Emerging evidence suggests that certain brain areas involved in processing physical pain may also play a role in regulating pain from interpersonal rejection or loss.
In a new study, researchers wanted to learn if altering brain activity in these areas could actually change how people experience social pain.
Paolo Riva, Ph.D., of the University of Milano-Bicocca and colleagues examined if activity in the right ventrolateral prefrontal cortex (rVLPFC) — a brain region involved in the regulation of physical pain and negative expressions of emotion — influenced the feelings and perceptions of social pain.
In the study, researchers recruited 79 university students to take part in a “mental visualization exercise.”
Experimenters used a constant-current regulator to stimulate the brain the rVLPFC area. All of the participants were told that they would receive stimulation for 15 minutes but only half of the participants actually received the current.
Five minutes before the end of 15-minute stimulation session, the students played a virtual ball-tossing game called Cyberball. The students were told that they were playing with two other players and that the three of them would take turns throwing the ball to each other.
In actuality, a computer program controlled the game. Some of the participants were excluded, receiving the ball only twice and then never again, while other participants received the ball about one-third of the time.
Students were then asked to report the percentage of throws they thought they received. They were then asked to rate the unpleasantness of the pain they felt and the hurt feelings they experienced during the game.
Riva and colleagues found that, as predicted, the participants who were socially excluded reported that they received less attention than participants who were included. Moreover, they rated the game as more unpleasant and reported more hurt feelings.
However, the hurt feelings and negative connotations were reduced for participants who received stimulation over the rVLPFC. Specifically, socially excluded participants who received the actual current experienced less unpleasantness and less hurt feelings than the participants who believed they were receiving the current.

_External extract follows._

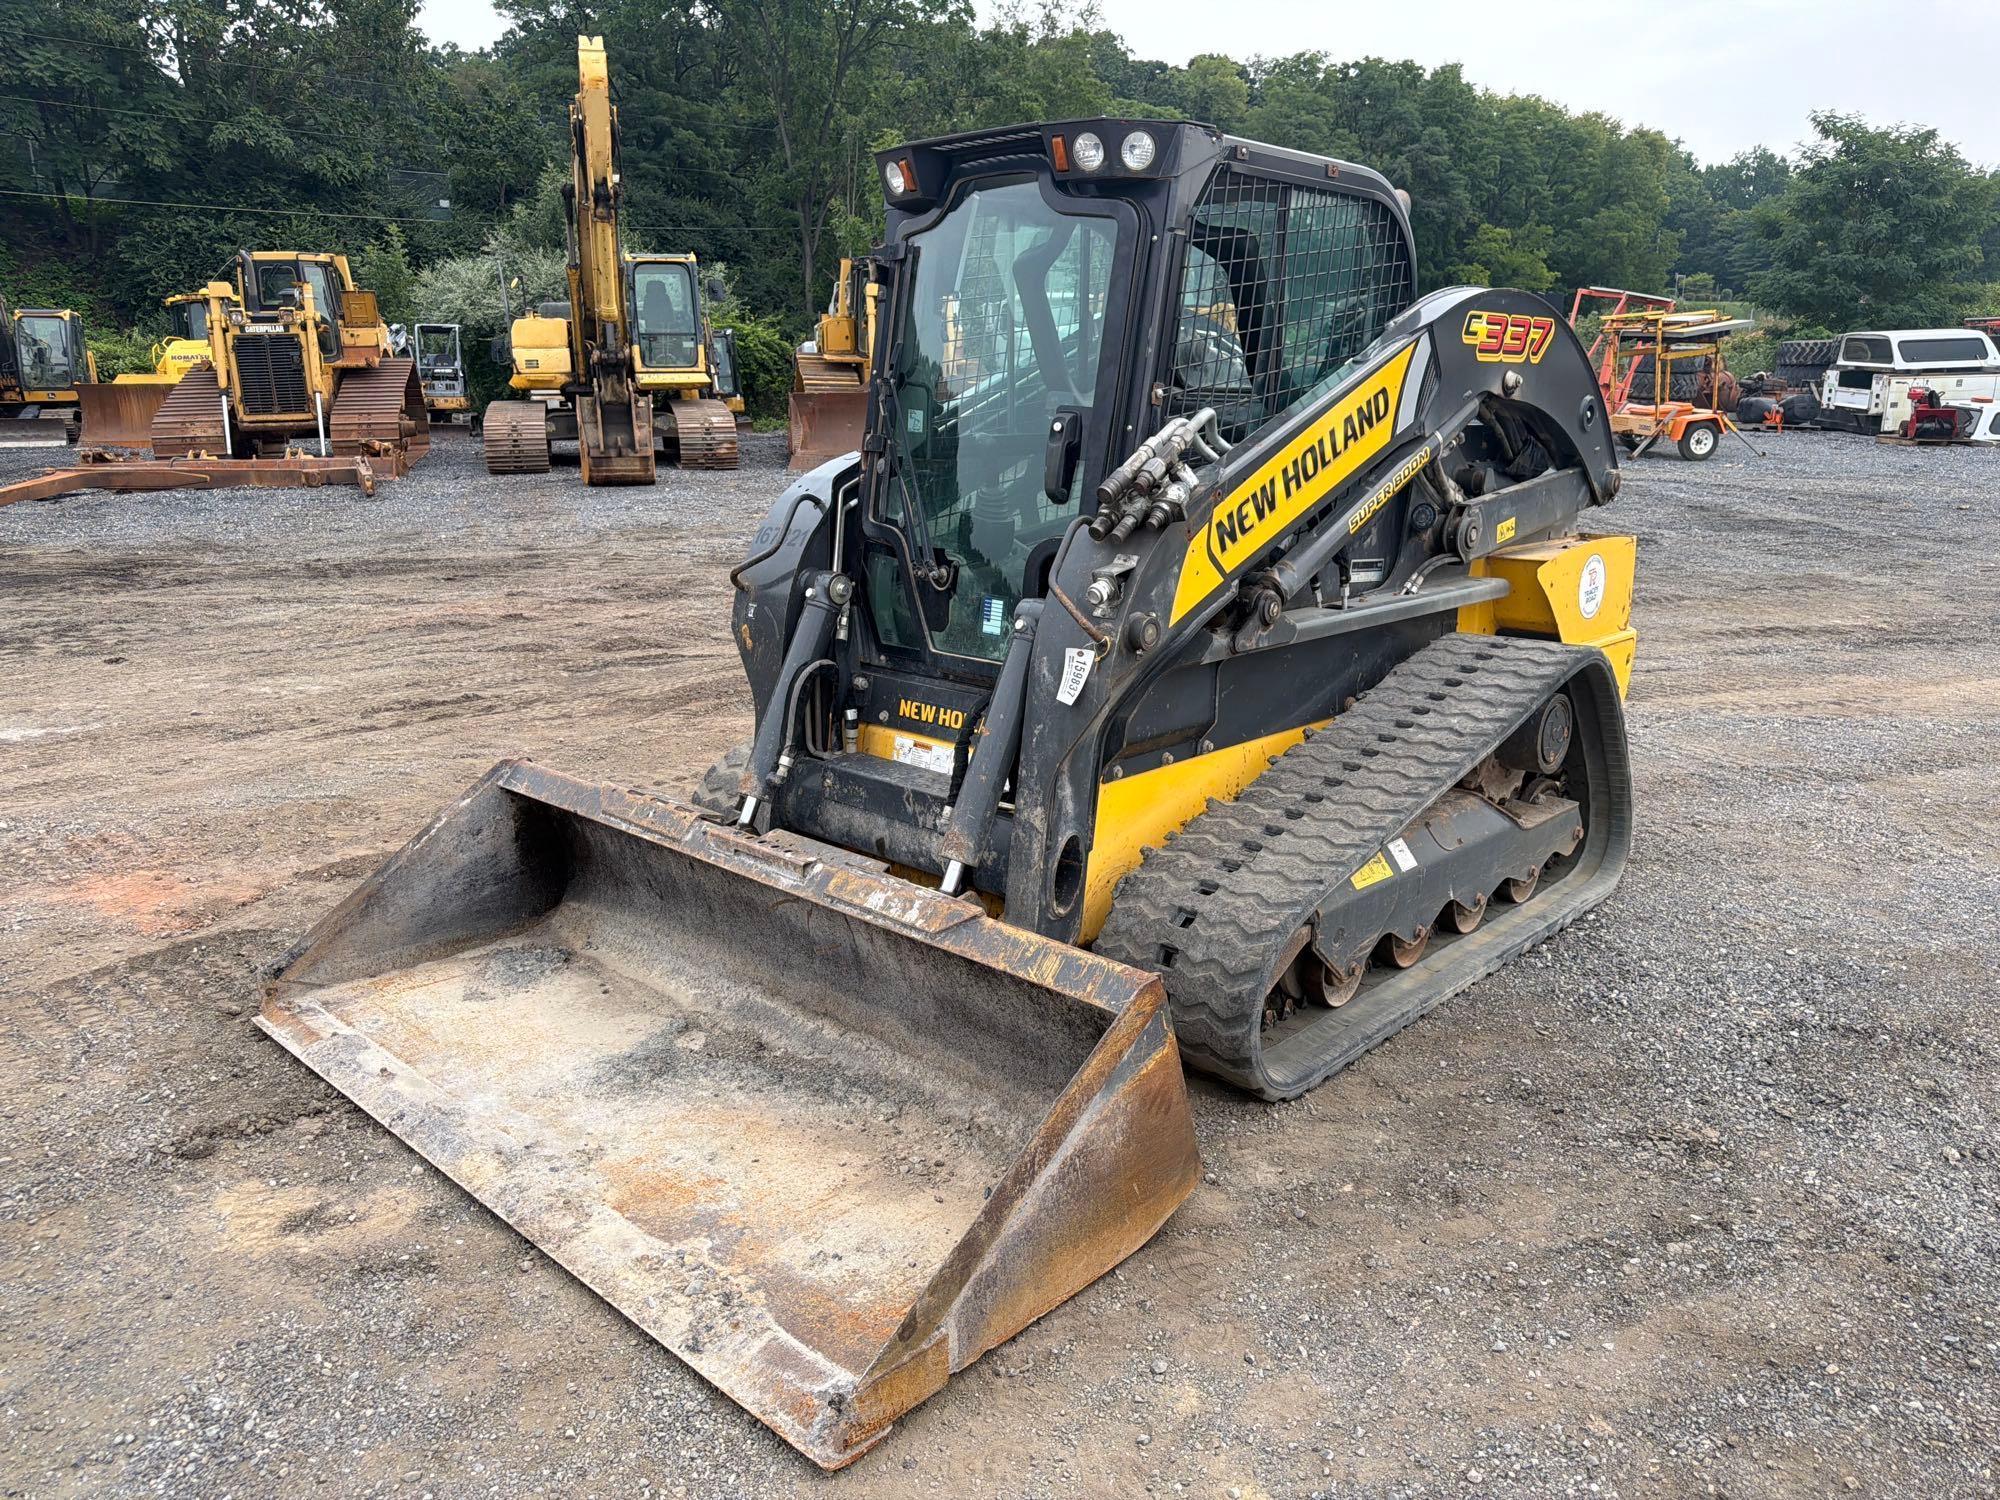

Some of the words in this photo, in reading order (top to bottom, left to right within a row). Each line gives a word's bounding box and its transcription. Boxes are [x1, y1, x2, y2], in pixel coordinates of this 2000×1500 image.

In both cases participants knew they were being excluded, but they appeared relatively unbothered by it if they received stimulation.
“Few studies have examined how the pain of social exclusion can be alleviated. Our results offer the first evidence that stimulation over the rVLPFC reduces the painful effects of social exclusion,” Riva and colleagues concluded.
Who knows, perhaps someday we will be able to plug into a painless electrical brain stimulator to whisk away our relationship heartaches.
Their findings are published in Psychological Science.